Last updated 17:58, May 10 2018
Jimmie Kevin McNicholl was a director of Arena Capital, which purported to run a foreign exchange scheme called BlackfortFX.
Hearing the investment doubling his money was a scam was an awful "kick in the guts", says a Christchurch tradesman sucked in by the rort.
Jimmie McNicholl, 56, a cleaner, appeared in the Christchurch District Court on Thursday to admit his part in the scam in which about 900 people invested $8.3 million in a fake foreign exchange scheme in 2014 and 2015.
The scheme was run from Auckland by McNicholl and his fraudster mate Lance Jack Ryan (aka Lance Jared Thompson) through their company Arena Capital trading as BlackfortFX.
McNicholl on Thursday pleaded guilty to a charge of obtaining registration as a Financial Service Provider (FSP) by deception. Investors say they felt their investment was safe because BlackfortFX was registered on the Financial Service Providers' Register.
McNicholl signed a letter seeking FSP registration, saying Ryan was no longer involved after the Financial Market Authority became concerned about Ryan's fraud background.
Ryan earlier admitted charges of theft by a person in a special relationship, forgery, altering a document, and false accounting.
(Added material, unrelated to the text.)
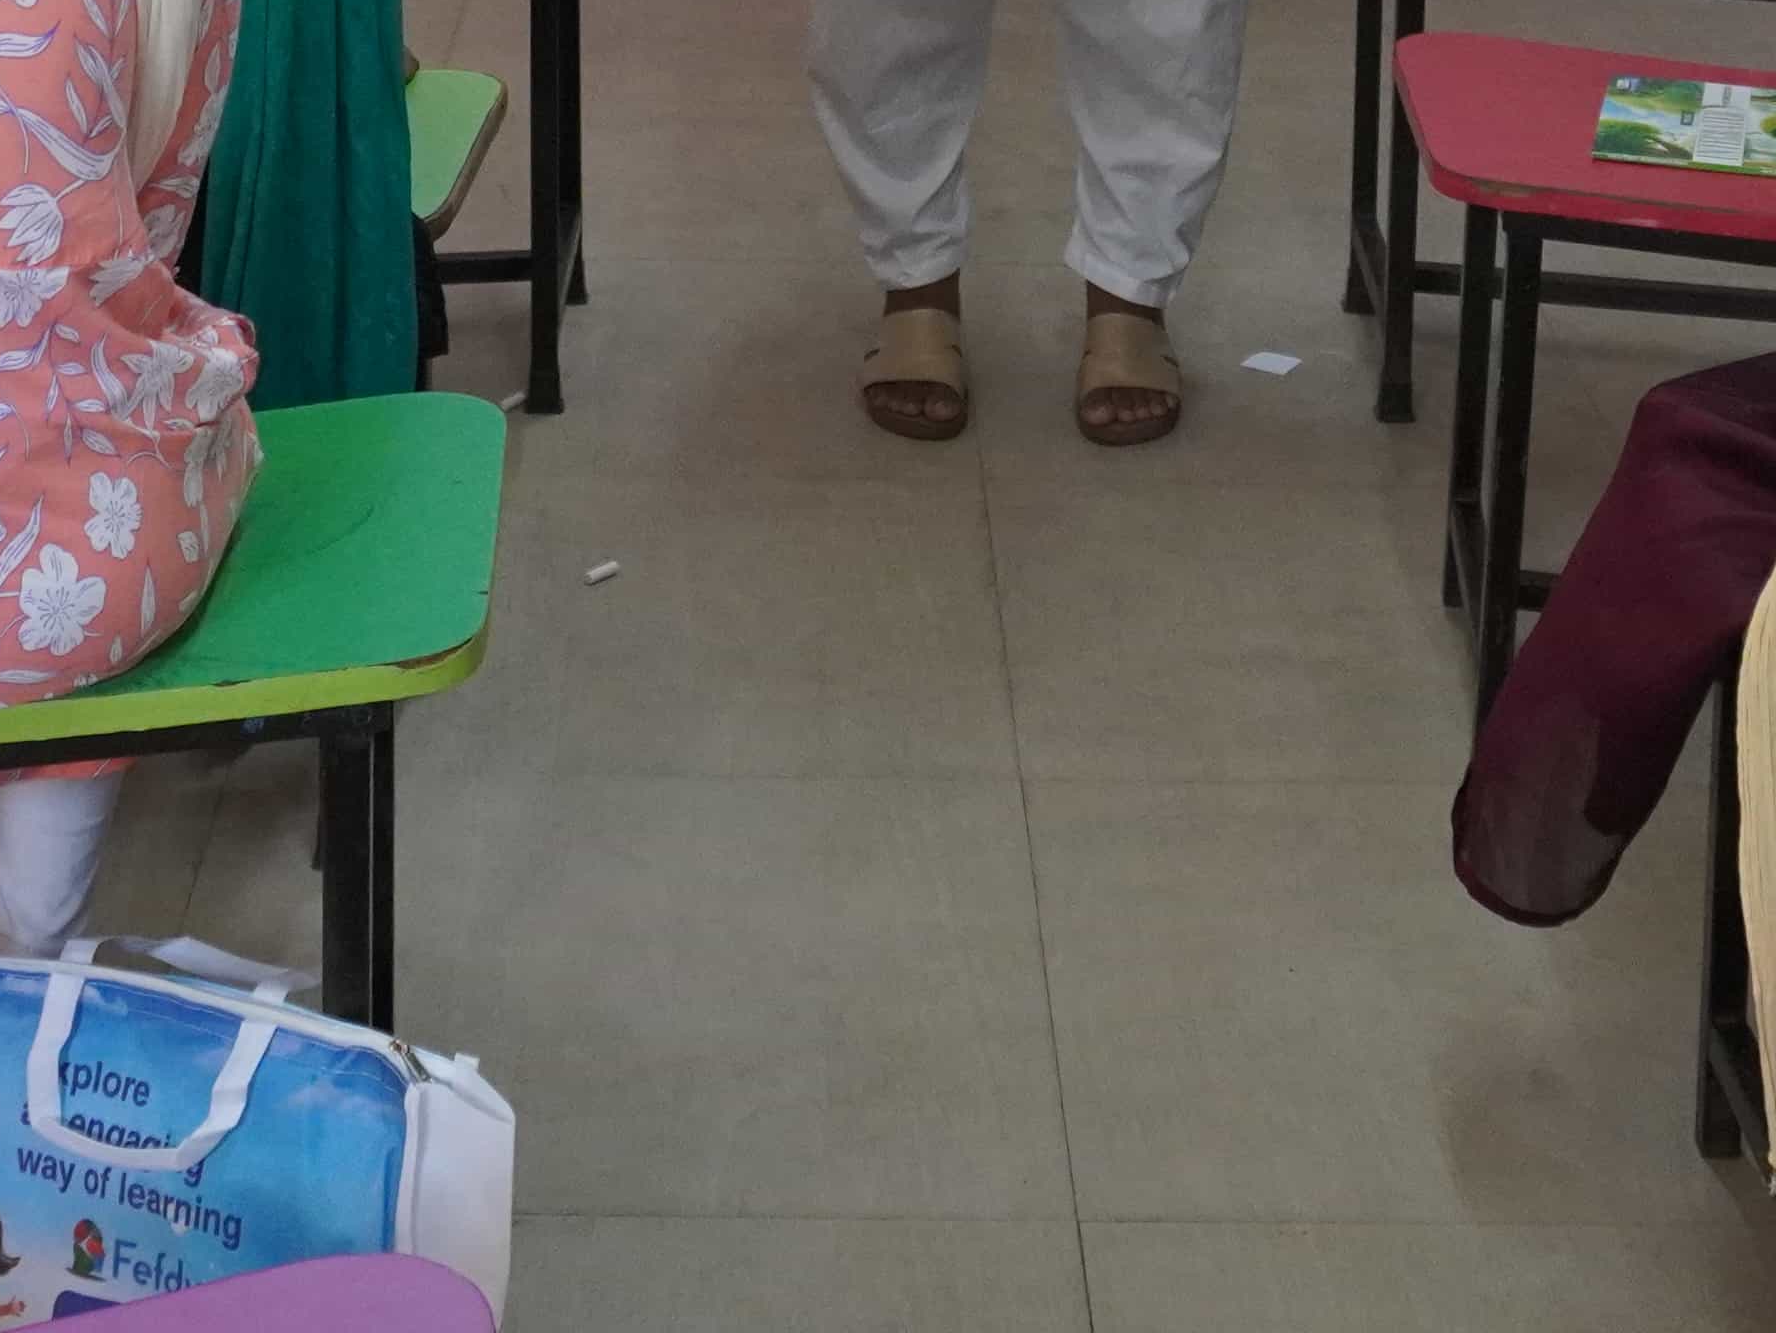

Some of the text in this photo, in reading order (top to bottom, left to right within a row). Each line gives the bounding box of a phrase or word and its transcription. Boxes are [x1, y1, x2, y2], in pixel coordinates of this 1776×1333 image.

[58, 1060, 151, 1107] xplore
[17, 1147, 243, 1252] way of learning
Both men will be sentenced on June 20.
The tradesman said the scheme did seem too good to be be true, but he was promised a refund if the investment went "bung" and couldn't stand the thought of being left out if it worked.
"The wheels were starting to wobble and the friend who got me into it rang me up and told me we had lost everything. It was a scam.
"I felt kicked in the guts. We had all these dreams, everybody did, and you're so let down, you're so disappointed."
The man said he and his wife originally invested about $6000 but were able to withdraw $30,000 from their account as the amounts doubled. He had been forced to pay the money back by Arena Capital's liquidators.
One of his friends was so badly hit, he had had to sell his house.
The scheme started in May 2014 until it was closed a year later by the Financial Markets Authority. By then the 900 investors recruited all over the South Island had ploughed $8.3m into the scheme.
Investors initially saw their investments double, even triple. They withdrew money without problem because the operators were using the money provided by new investors to pay the "profits" on the earlier investments. The Serious Fraud Office would call it a Ponzi arrangement.
It was entirely fictitious. No foreign exchange was traded. No traders or foreign offices existed. Transactions had occurred but they were mainly McNicholl and Ryan buying cars, property and luxury items.
McNicholl used at least $767,838 of Arena's funds for his own benefit. He put a $350,000 deposit on a $3.5m property in Christchurch and bought a $111,000 car.
About $1.4m was taken by Ryan, who paid money into a family trust and bought a $1m property in Auckland.
McNicholl was remanded for a pre-sentence report that will cover his suitability for a home detention sentence, though he was told that was not an indication of the likely sentence.
Accountancy firm KordaMetha has been sorting out the mess since being appointed receivers and liquidators of Arena Capital. It has sold assets and clawed back $843,000 of the $2.48m, 96 investors received in addition to the money they put in.
It has so far paid back 39 cents to each investor and creditor.